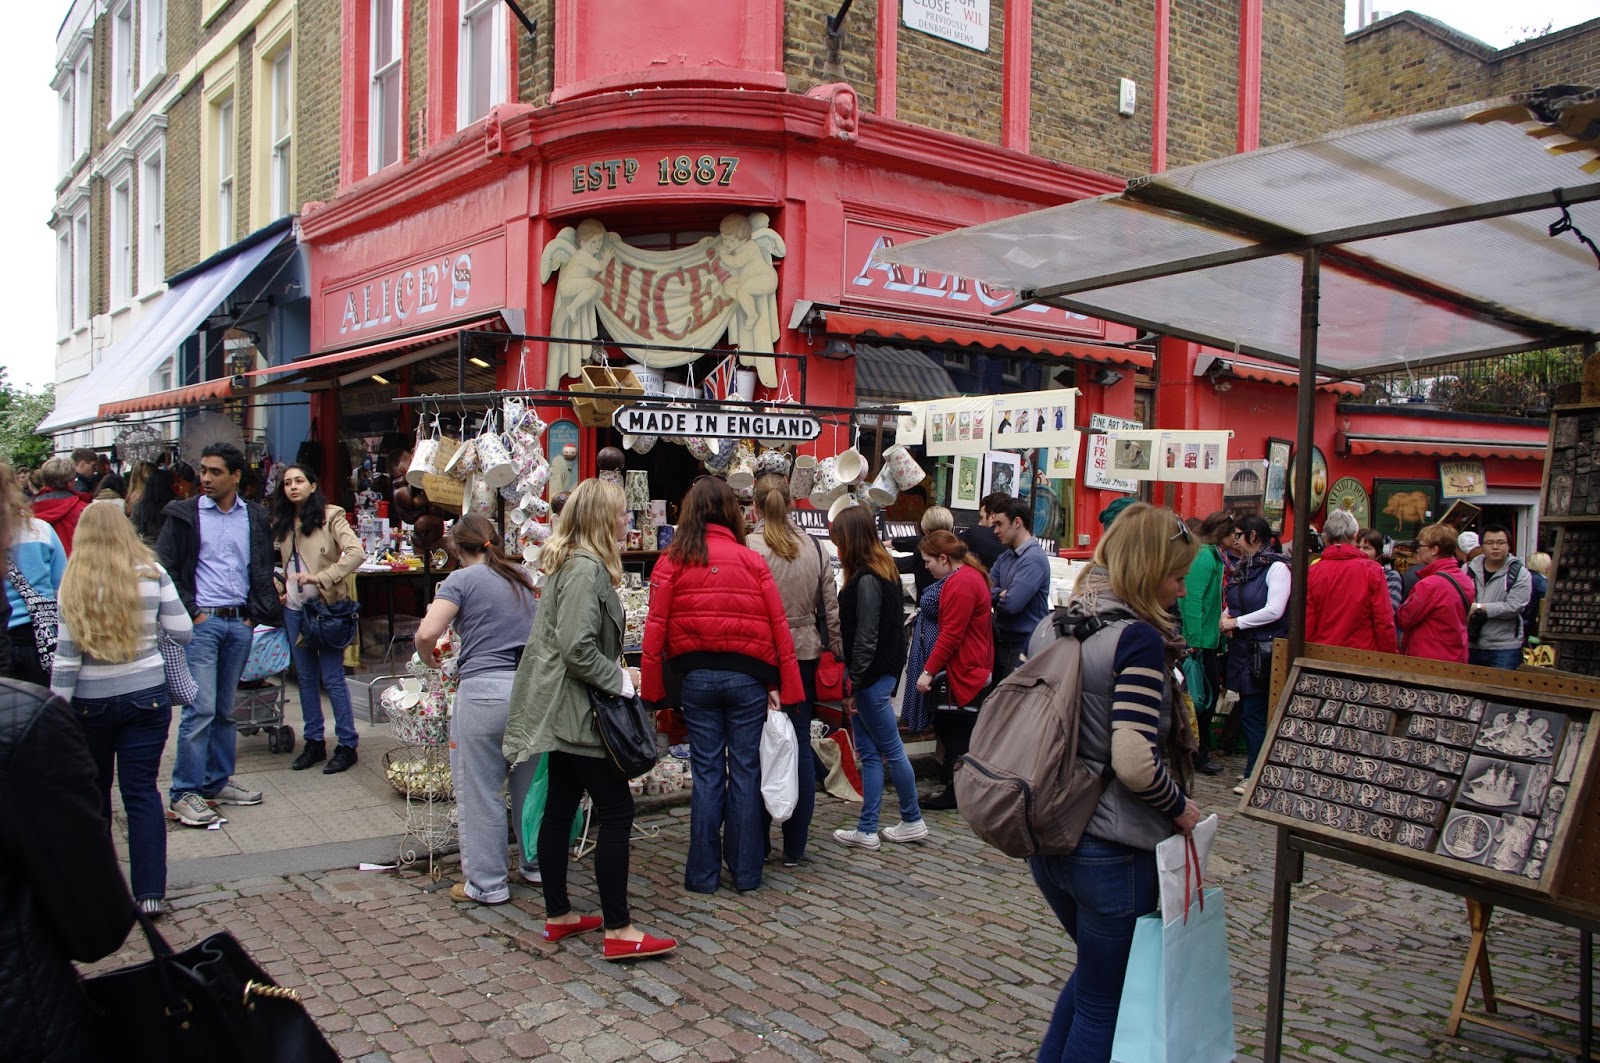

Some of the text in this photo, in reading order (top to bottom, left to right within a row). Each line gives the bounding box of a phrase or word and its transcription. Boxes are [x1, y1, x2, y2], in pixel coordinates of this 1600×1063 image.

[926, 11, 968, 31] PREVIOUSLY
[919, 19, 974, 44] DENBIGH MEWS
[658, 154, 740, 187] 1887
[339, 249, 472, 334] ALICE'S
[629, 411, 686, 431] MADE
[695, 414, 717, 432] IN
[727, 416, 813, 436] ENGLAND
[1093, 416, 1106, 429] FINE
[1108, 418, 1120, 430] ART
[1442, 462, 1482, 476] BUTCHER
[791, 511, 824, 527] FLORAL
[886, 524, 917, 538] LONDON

------------------------------------

Problem:
Skip the images and set down the rest of the data unchanged.

Task result:
Some of the text in this photo, in reading order (top to bottom, left to right within a row). Each line gives the bounding box of a phrase or word and its transcription. Boxes are [x1, y1, x2, y2], in pixel coordinates of this 1600×1063 image.

[926, 11, 968, 31] PREVIOUSLY
[919, 19, 974, 44] DENBIGH MEWS
[658, 154, 740, 187] 1887
[339, 249, 472, 334] ALICE'S
[629, 411, 686, 431] MADE
[695, 414, 717, 432] IN
[727, 416, 813, 436] ENGLAND
[1093, 416, 1106, 429] FINE
[1108, 418, 1120, 430] ART
[1442, 462, 1482, 476] BUTCHER
[791, 511, 824, 527] FLORAL
[886, 524, 917, 538] LONDON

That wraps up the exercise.